Creighton's unfortunate canine companion had given some trouble already, which Herries had not grudged. Within the hour of his master's death, when it was necessary that the last offices should be done, Herries had coaxed the poor starving brute from his post upon the bed, tempting him with a piece of meat. But no sooner was the morsel swallowed than the creature ran back to the room of death, and scratching at the door, pushed in and leapt upon the bed. Nothing had since dislodged him, and Herries had ordered him to be left in peace—a solitary mourner. It had been a mistaken kindness, for thirst had probably now turned the beast rabid. Herries took a pistol out of its case, and primed and loaded it. For Dick there could only be the kindly ultimatum of a bullet.
He went straight to Mr. Creighton's lodgings. It was the same March morning, windy, but now fair, which was seeing Alison on her sad way home. The wind cut him like a knife, though it was not really cold. He had eaten nothing for many hours, and a wretchedness of spirit was upon him, beyond anything that he had deemed it possible he could know.
In Creighton's room the coffin stood upon its trestles, and stiff and still, beneath the sheet upon the bed, lay its belated occupant. At the starkly upturned feet crouched the terrier, his red eyes glowing like cinders, at every slightest sound or movement drawing his lips back from his teeth in a rabid snarl. Herries approached him, with a half hope the dog would know him and be pacified, but the brute would have sprung at him in a moment. He drew back sufficiently far to take a deliberate and steady aim.
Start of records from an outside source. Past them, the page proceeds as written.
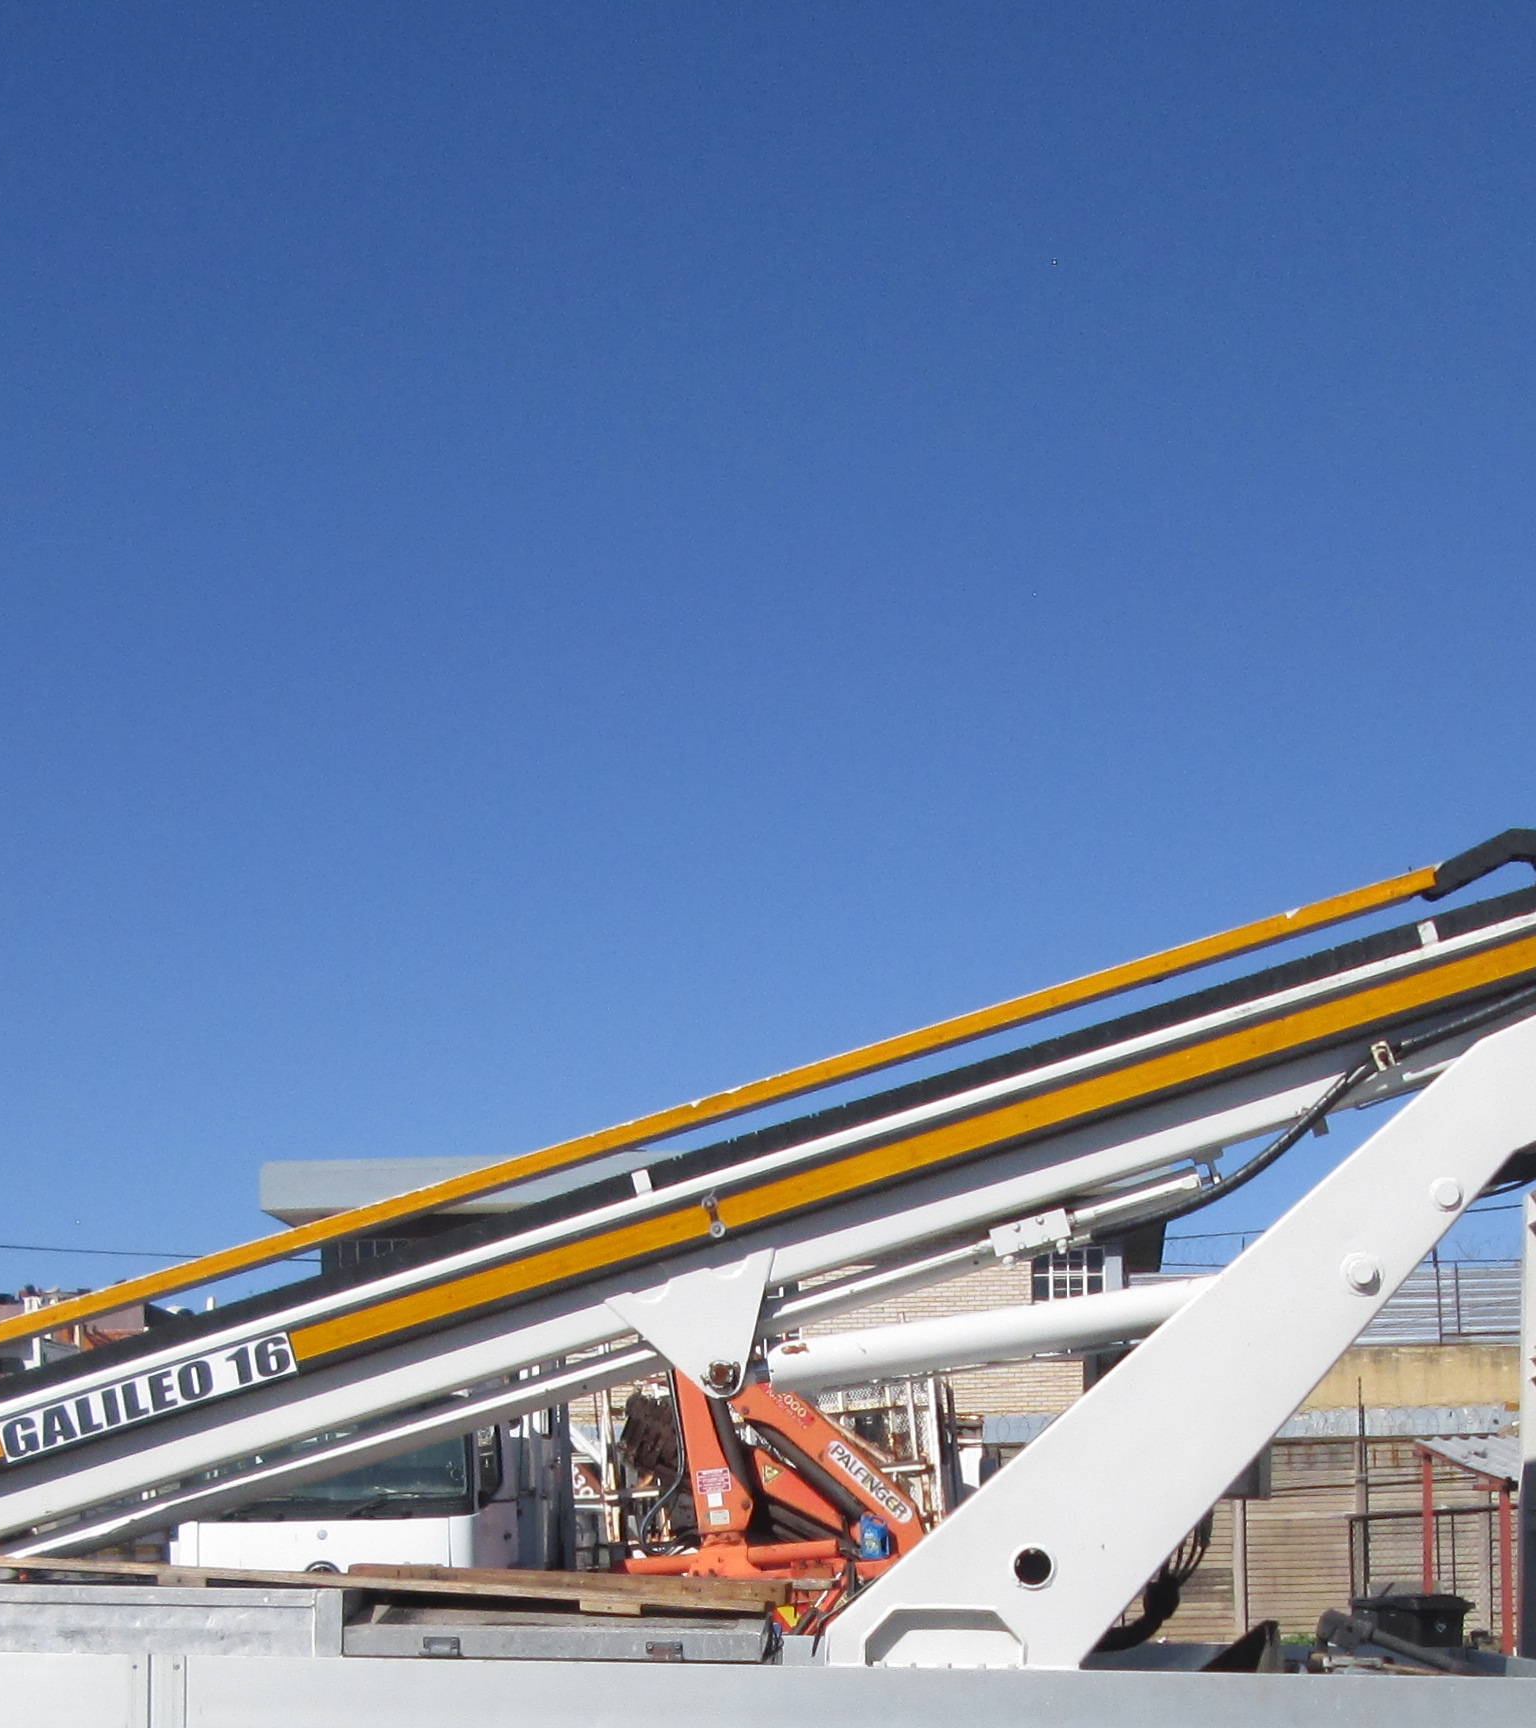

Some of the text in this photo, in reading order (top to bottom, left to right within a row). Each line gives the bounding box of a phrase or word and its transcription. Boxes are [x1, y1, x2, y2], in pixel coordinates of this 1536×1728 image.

[3, 1336, 290, 1458] GALILEO 16
[830, 1443, 907, 1520] PALFINGER
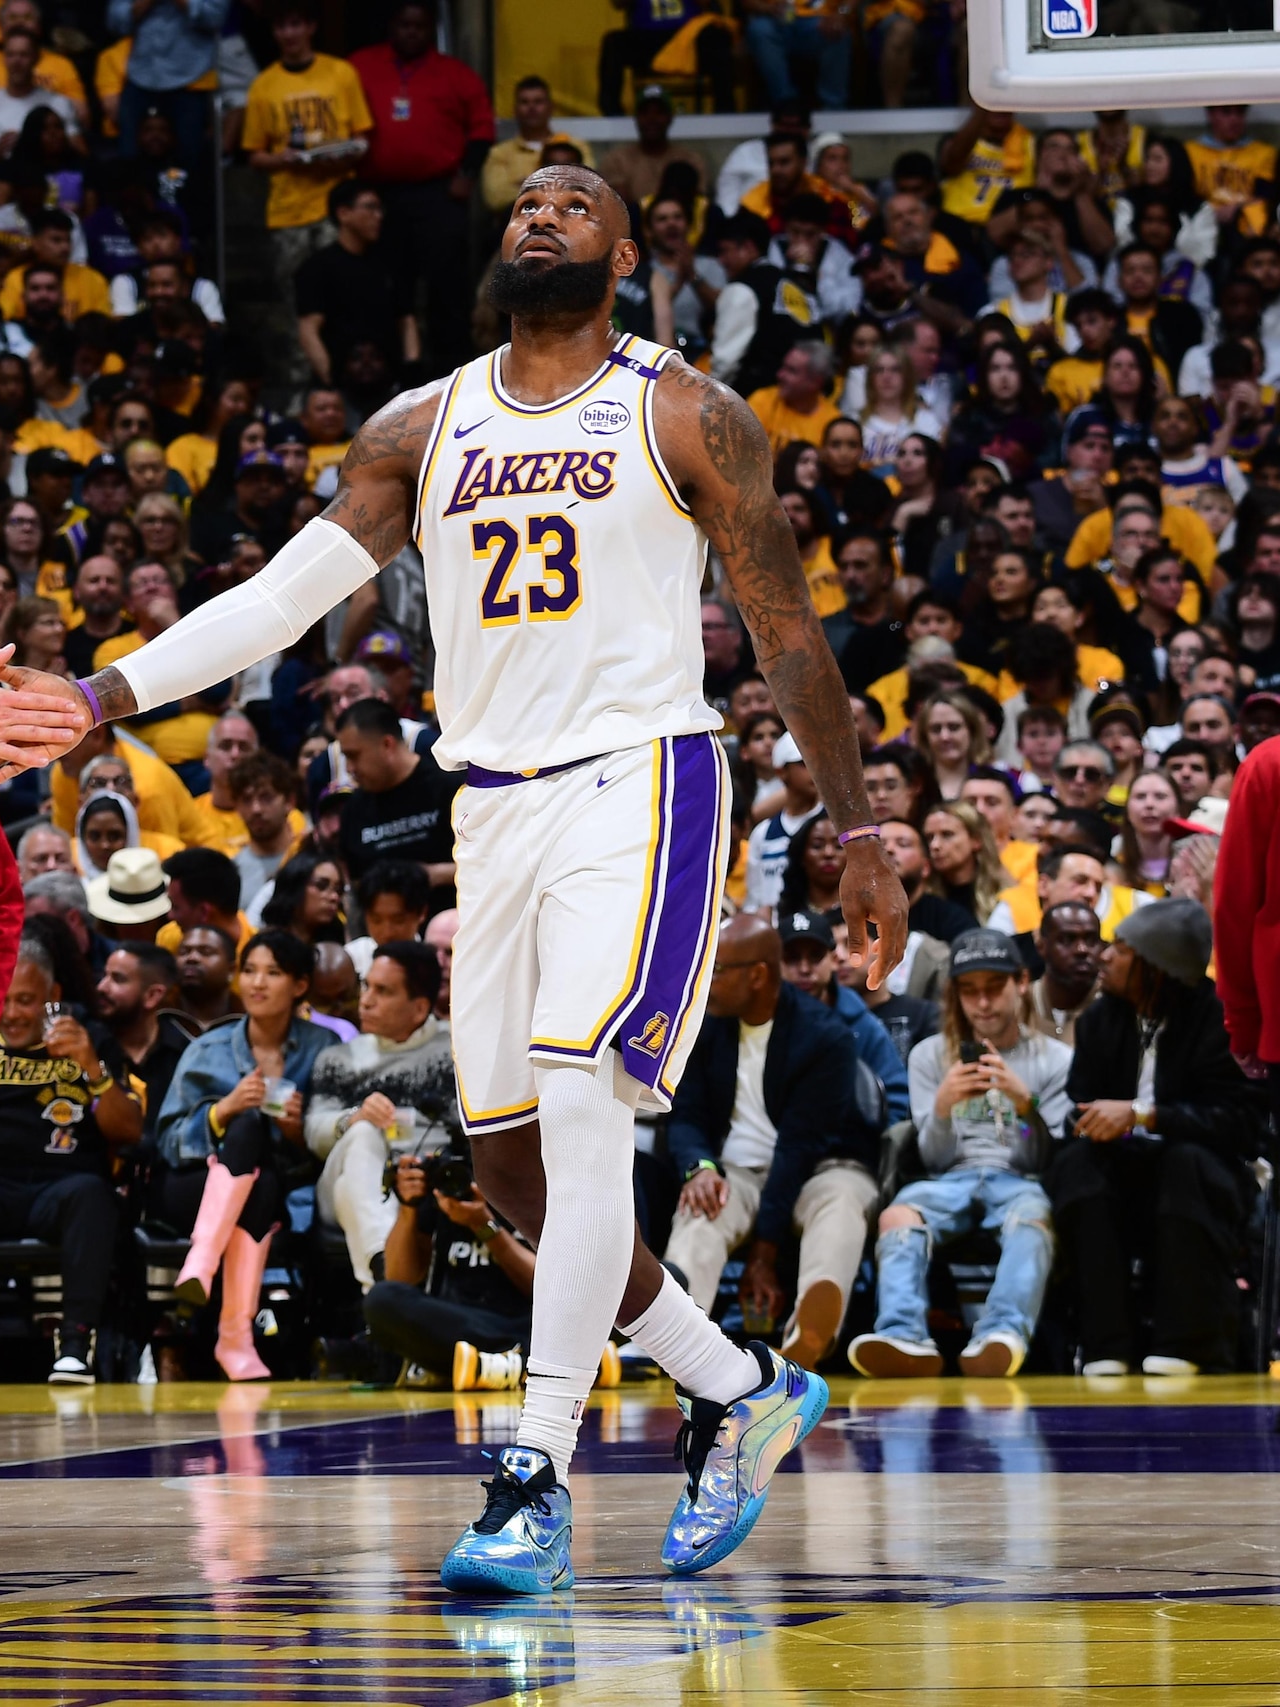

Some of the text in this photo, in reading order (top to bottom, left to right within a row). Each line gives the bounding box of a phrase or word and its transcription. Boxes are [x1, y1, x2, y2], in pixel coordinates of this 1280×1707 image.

[1051, 10, 1078, 30] NBA
[584, 409, 627, 425] bibigo
[441, 445, 620, 521] LAKERS
[470, 512, 583, 629] 23
The shot rang out with terrific reverberation within the narrow, echoing limits of the empty room, which filled instantly with a blue and pungent smoke. When that cleared off, Herries perceived the dog had hardly moved, arrested in his crouching attitude by swift death. Presently a single scarlet trickle from behind his ear stained the whiteness of his master's shroud, his fierce eye dimmed and glazed, and his bristling body stiffened as it lay.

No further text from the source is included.